» **Collected data**
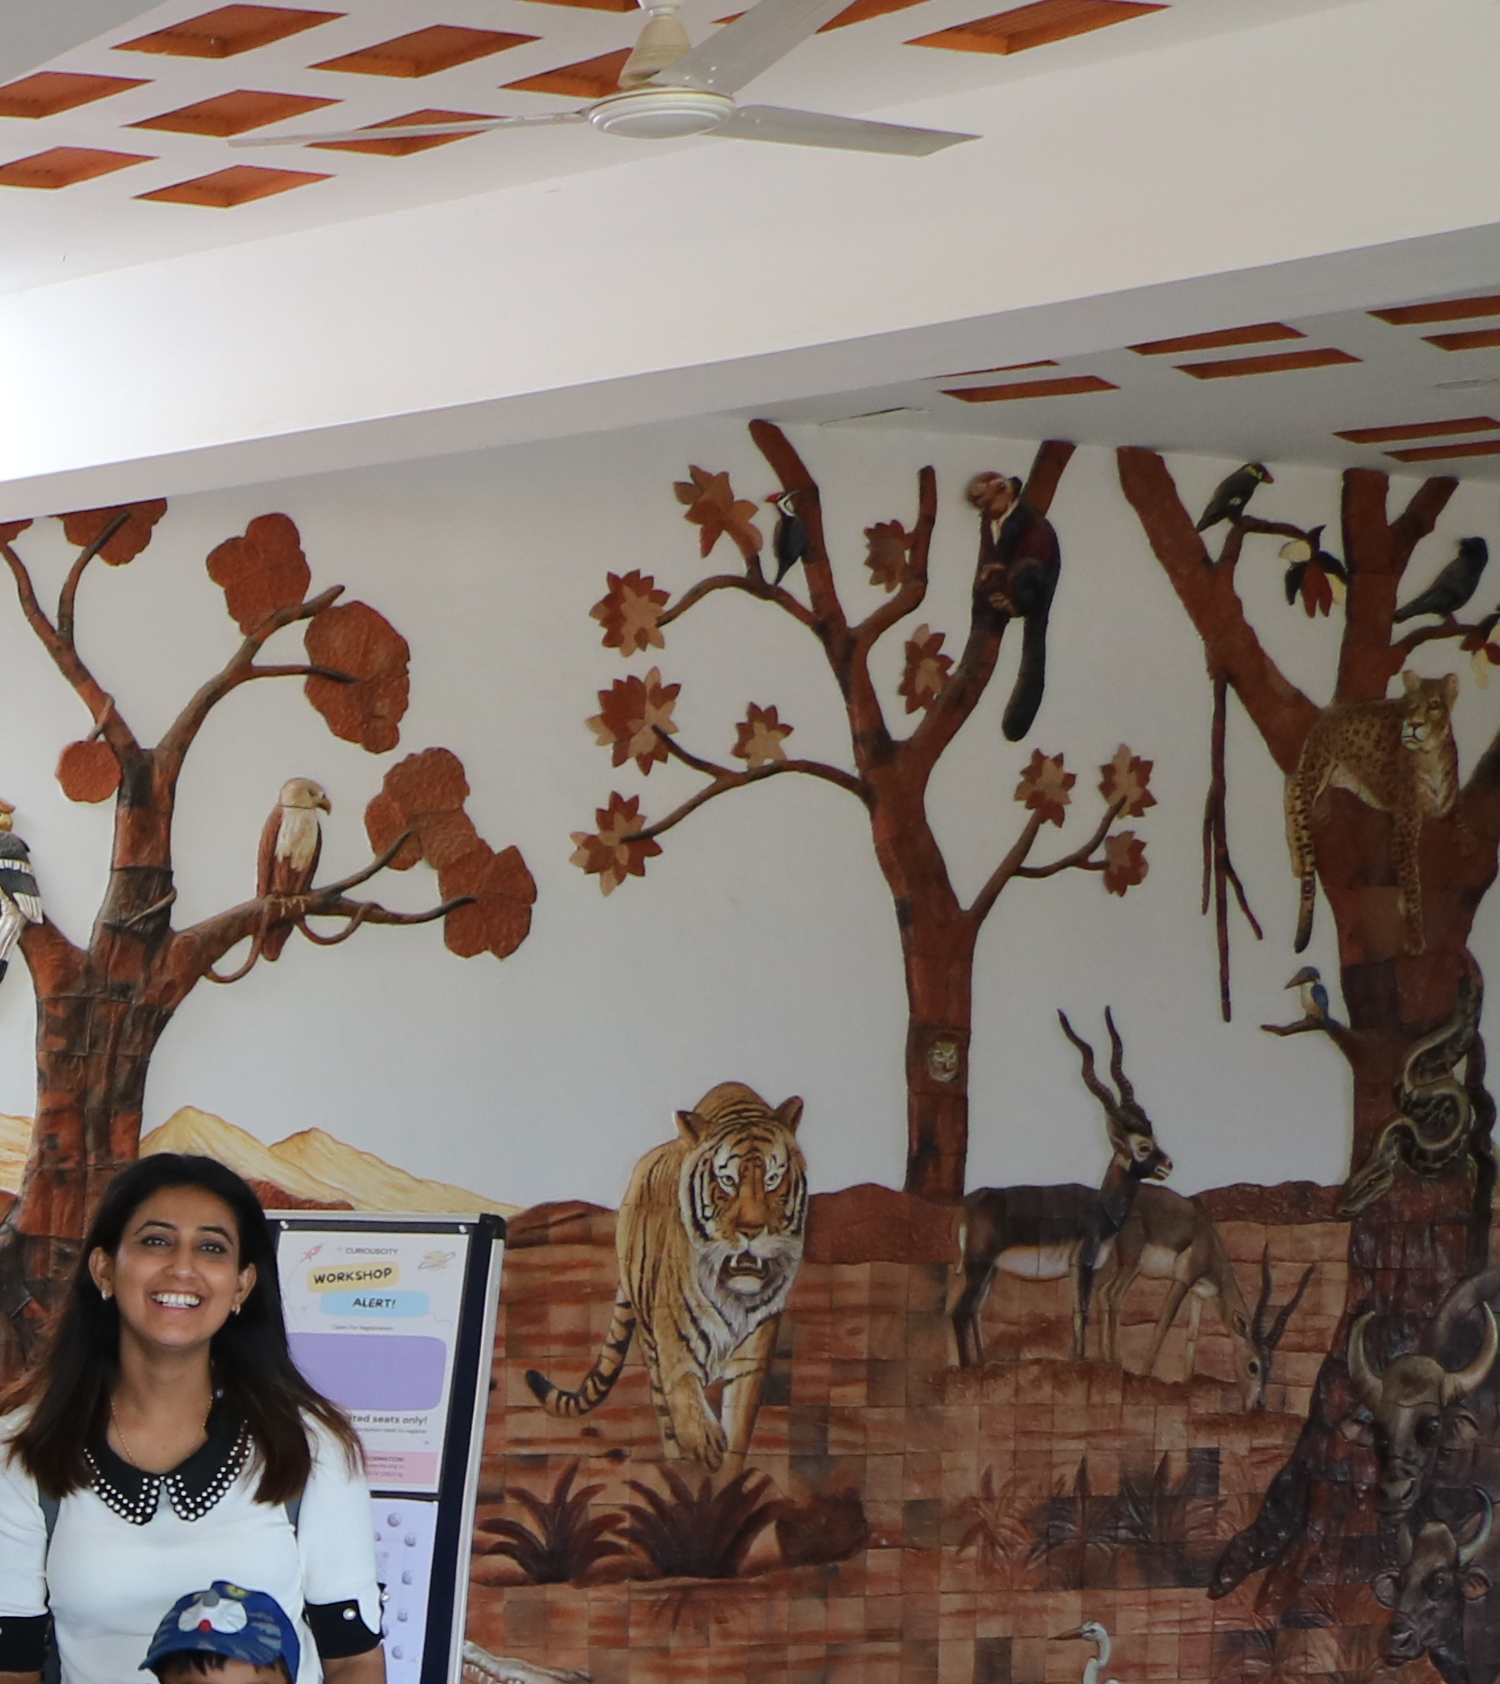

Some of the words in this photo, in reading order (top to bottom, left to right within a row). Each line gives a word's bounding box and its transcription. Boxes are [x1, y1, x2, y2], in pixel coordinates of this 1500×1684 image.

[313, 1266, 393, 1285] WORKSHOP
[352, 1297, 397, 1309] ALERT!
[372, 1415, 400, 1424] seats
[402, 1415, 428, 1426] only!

» **WORK ORDER**
The pictures alone are to be left out when the data above is copied; all else must match exactly.

» **PROBLEM SOLUTION**
Some of the words in this photo, in reading order (top to bottom, left to right within a row). Each line gives a word's bounding box and its transcription. Boxes are [x1, y1, x2, y2], in pixel coordinates of this 1500×1684 image.

[313, 1266, 393, 1285] WORKSHOP
[352, 1297, 397, 1309] ALERT!
[372, 1415, 400, 1424] seats
[402, 1415, 428, 1426] only!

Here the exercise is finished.